Uno studio svedese ha, inoltre, osservato come circa il 46% dei familiari avrebbe bisogno di un
supporto terapeutico e di un follow up dopo il vissuto di un lutto (A. Milberg, E. Carin Olsson et al.
2008).
Gli “stressor psicosociali” agiscono dal canto loro sia indirettamente, favorendo un comportamento
disfunzionale (fumo, vita sedentaria, dieta ricca di grassi ecc..), sia direttamente a livello dei
sistemi che regolano tutto il nostro organismo, in particolare a livello della coagulazione, del
sistema neurovegetativo, della vasomotricità coronaria e vascolare in generale, del sistema
immunitario, endocrino e dell’apparato gastroenterologico.
Anche per quanto riguarda i tumori, che rappresentano la seconda causa di morte per la
popolazione, alcuni studi sembrano indicare una precisa correlazione tra l’incapacità a far fronte ad
eventi particolarmente stressanti (quali il lutto), e l’aumentato rischio d’insorgenza di neoplasie.
Uno studio eseguito a livello nazionale in Danimarca, inerente all’aumento del rischio d’incidenza
di neoplasie nei genitori che hanno perso un figlio ha rilevato un aumento sensibile del rischio
d’insorgenza di neoplasie nelle madri, in particolare correlato al fumo (*rischio relativo: 1,65) (Li J,
Johansen C, Hansen S, Olsen J 2002).
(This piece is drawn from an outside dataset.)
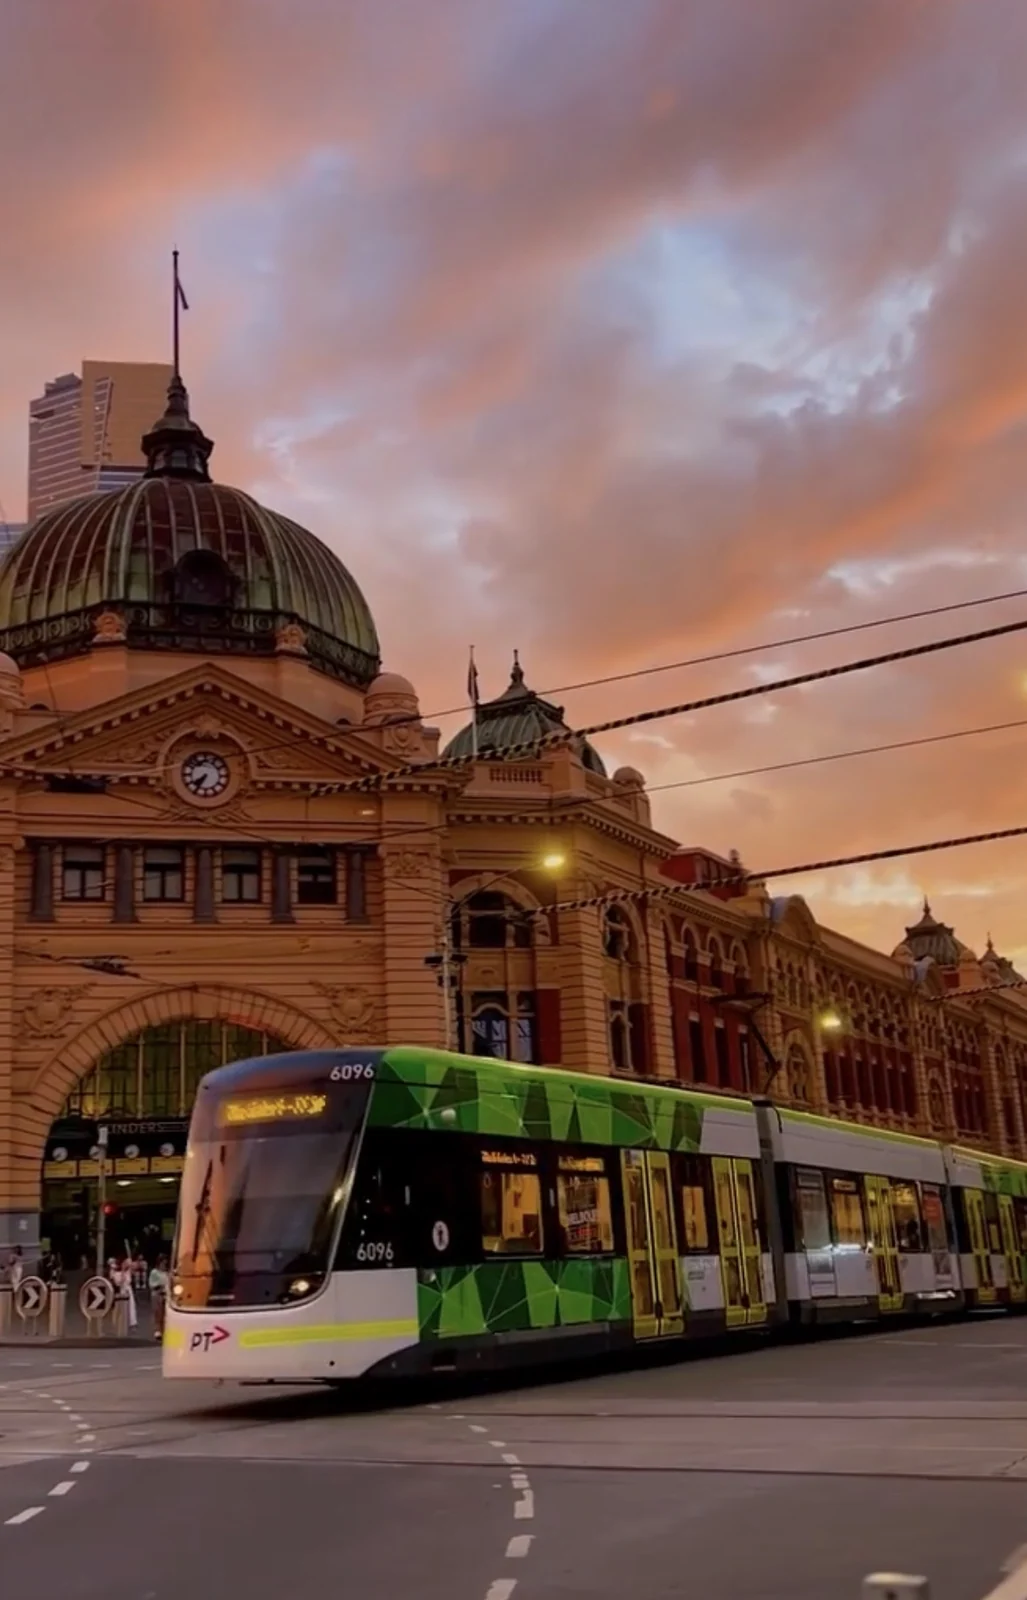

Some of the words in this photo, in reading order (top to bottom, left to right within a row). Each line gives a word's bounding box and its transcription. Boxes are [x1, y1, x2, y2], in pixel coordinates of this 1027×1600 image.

[330, 1062, 374, 1080] 6096
[356, 1242, 395, 1261] 6096
[190, 1331, 214, 1352] PT
Da sempre si sostiene che la perdita di un familiare sia una
delle cause scatenanti di malattie mentali. Spesso l’associazione era limitata alla depressione, o ad
altri disturbi affettivi, e sempre veniva sottolineato il rapporto tra l’intimità con lo scomparso e la
probabilità delle conseguenze. Tipico è il caso delle vedove, per le quali è stato provato un aumento
delle malattie mentali nel primo anno dalla scomparsa del coniuge. Meno si sa, invece, di quanto
accada ai genitori che hanno perso un figlio. Questo l’oggetto di una ricerca danese (Li J et al.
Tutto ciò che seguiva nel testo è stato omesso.